Подводные дома «Садко» и люди в записках современника - Виталий Сычев
Подняться по трапу я не смог. Водолазы вытащили, как говорится на их языке, “за уши”. Я плюхнулся на ближайший кнехт. Когда круглая гробовая крышка иллюминатора отпала, из шлема ударил пар, как из паровоза.
Скафандр был полон воды. Водолазы встревожились и потащили меня в пост на руках.
Оказалось, что в аварийном клапане потекла прокладка. Когда я перетравил воздух на грунте, вода затопила мой гроб до самого шлема. Температура воды была минус один, и сердцу это не понравилось.

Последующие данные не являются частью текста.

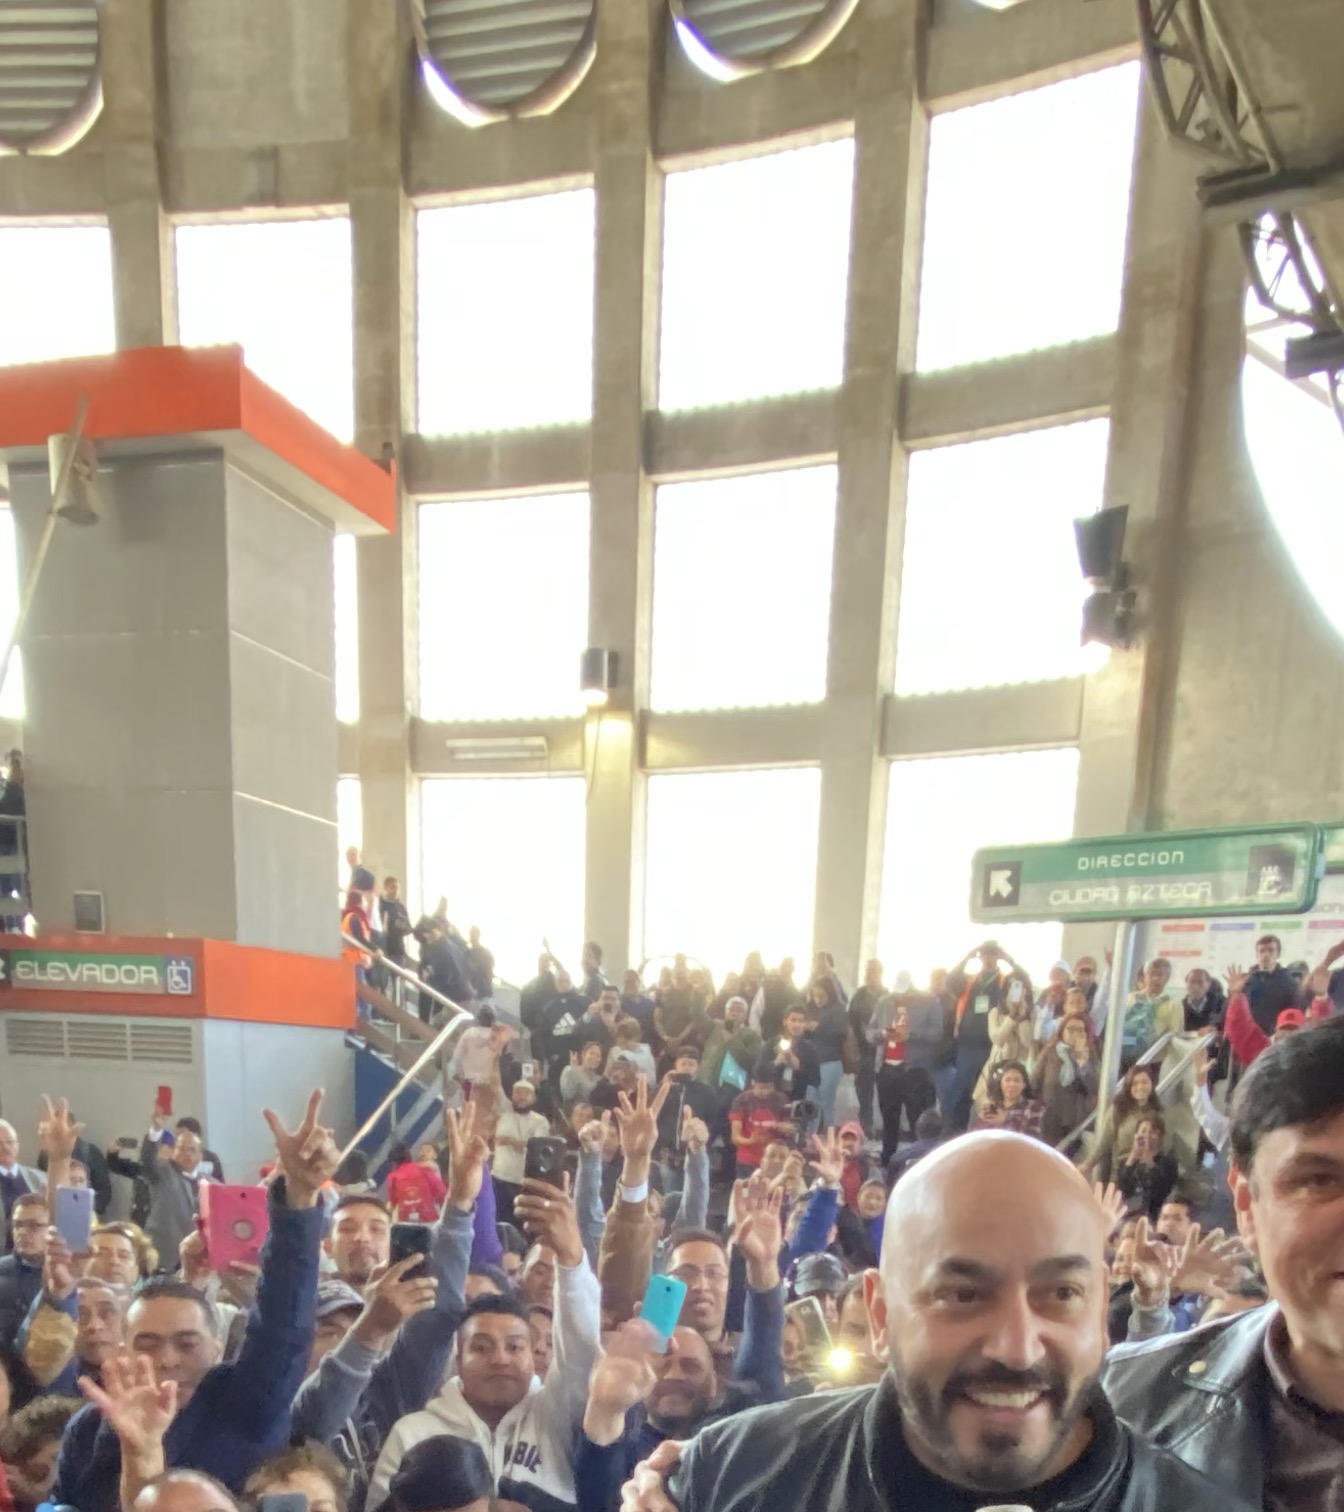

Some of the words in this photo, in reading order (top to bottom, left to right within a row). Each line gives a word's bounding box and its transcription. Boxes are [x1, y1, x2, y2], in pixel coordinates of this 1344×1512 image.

И вообще только два-три сантиметра – расстояние от подбородка до рта и носа – отделяло меня от того света…» [В. Конецкий. Новый год у набережной Лейтенанта Шмидта. 1969]
В.В. Конецкому не удалось обучиться нырянию с аквалангом, практике декомпрессии, языку немых на пальцах. К сожалению, в конце марта 1966 года он уволился из Гидрометинститута, поэтому его сборники остались без рассказов о дальнейшей судьбе «Нерея» и океанологов-подводников.
***
Владимир Шаляпин участвовал в первой в нашей стране операции судоподъёма подводной лодки С-80 с глубины 190 м. В нескольких строках он лаконично описал непростые погружения на большие глубины ещё до поступления в ЛГМИ: «Обучение в ЛПИ ограничилось для меня двумя занятиями у Немцева и одним “купанием” в Вышем училище подводного плавания, где встретил Валеру Скудина, в качестве врача-спецфизиолога выводившего меня с 200 м на спасательном судне подводных лодок “Зангезуре” в 1968 году и в 1969 году на “Карпатах”. Через много лет мне “удалось” снова попасть в его лапы с небольшой кессонкой в Южном отделении ИОАН в Геленджике».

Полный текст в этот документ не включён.